[Start of section]

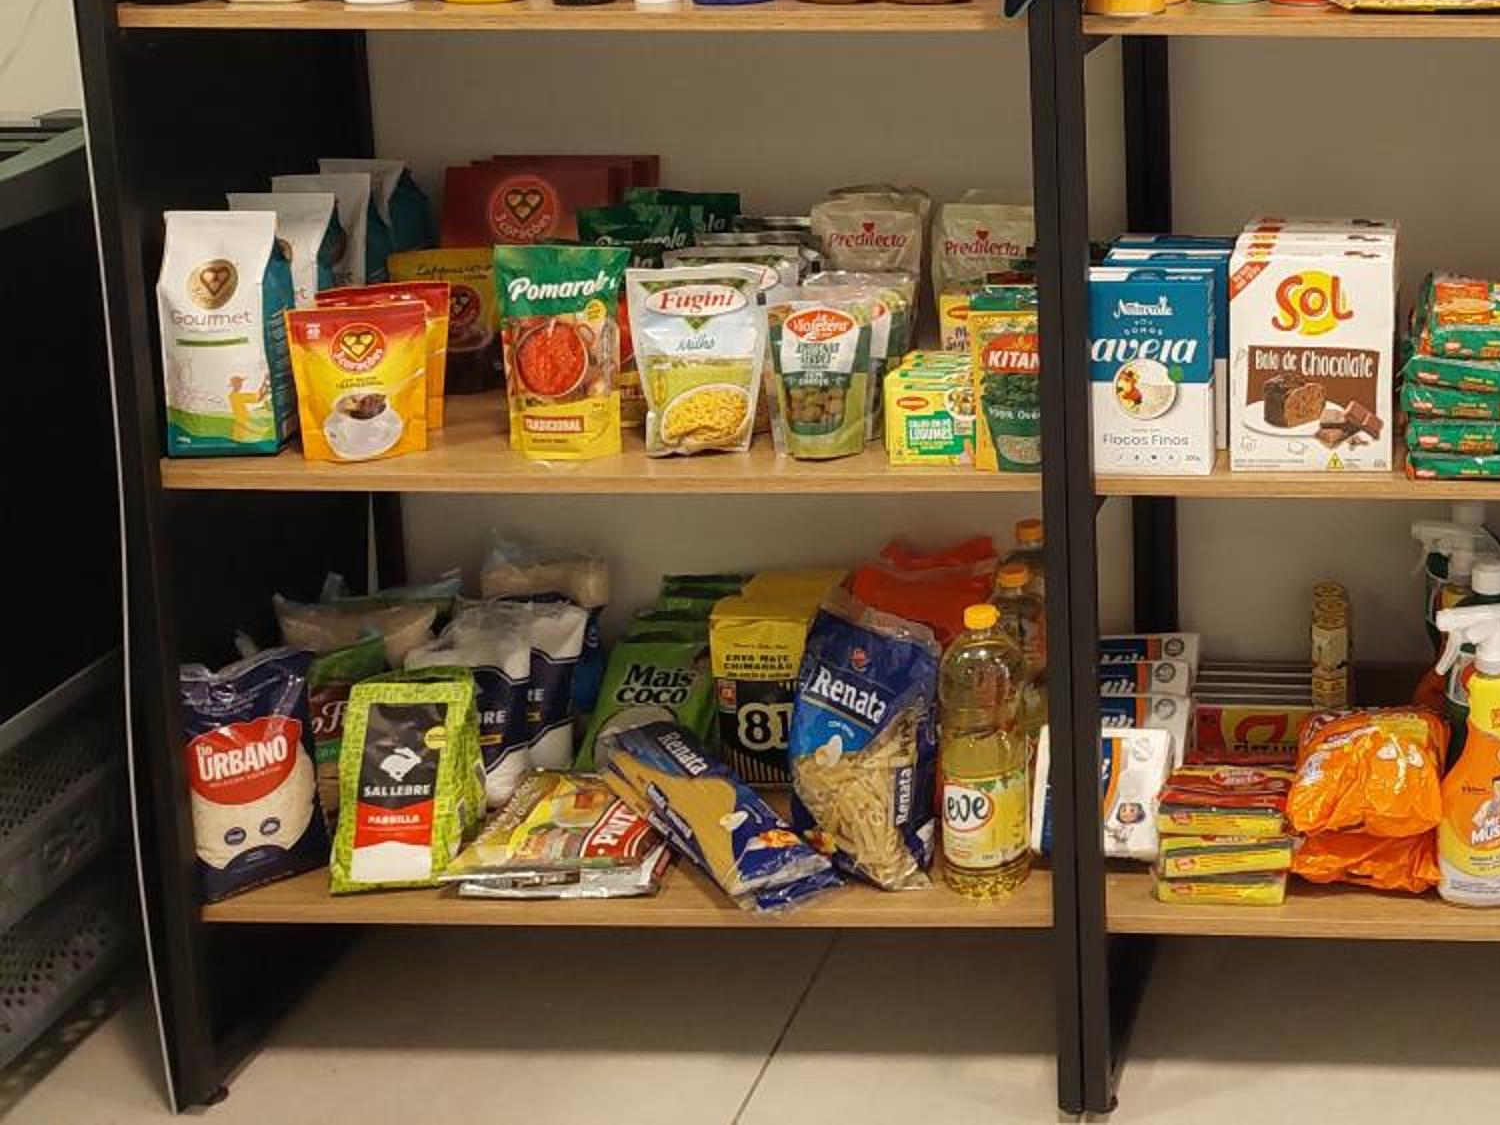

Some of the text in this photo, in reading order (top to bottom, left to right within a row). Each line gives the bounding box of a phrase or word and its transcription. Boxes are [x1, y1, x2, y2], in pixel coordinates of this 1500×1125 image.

[829, 231, 908, 249] Predilecta
[945, 239, 1024, 257] Predilecta
[660, 290, 735, 313] Fugini
[171, 310, 253, 326] Gourmet
[988, 350, 1040, 368] KITAN
[1090, 337, 1198, 363] aveia
[1255, 348, 1375, 379] Bolo de Chocolate
[1103, 433, 1189, 446] Flocos Finos
[626, 663, 692, 687] Mais
[616, 686, 689, 705] coco
[810, 665, 888, 725] Renata
[197, 734, 289, 783] URBANO
[657, 730, 709, 776] Renata

[End of section]

§ **Assignment**
Without including any images, output the data exactly as given.

§ **Response to this task**
Some of the text in this photo, in reading order (top to bottom, left to right within a row). Each line gives the bounding box of a phrase or word and its transcription. Boxes are [x1, y1, x2, y2], in pixel coordinates of this 1500×1125 image.

[829, 231, 908, 249] Predilecta
[945, 239, 1024, 257] Predilecta
[660, 290, 735, 313] Fugini
[171, 310, 253, 326] Gourmet
[988, 350, 1040, 368] KITAN
[1090, 337, 1198, 363] aveia
[1255, 348, 1375, 379] Bolo de Chocolate
[1103, 433, 1189, 446] Flocos Finos
[626, 663, 692, 687] Mais
[616, 686, 689, 705] coco
[810, 665, 888, 725] Renata
[197, 734, 289, 783] URBANO
[657, 730, 709, 776] Renata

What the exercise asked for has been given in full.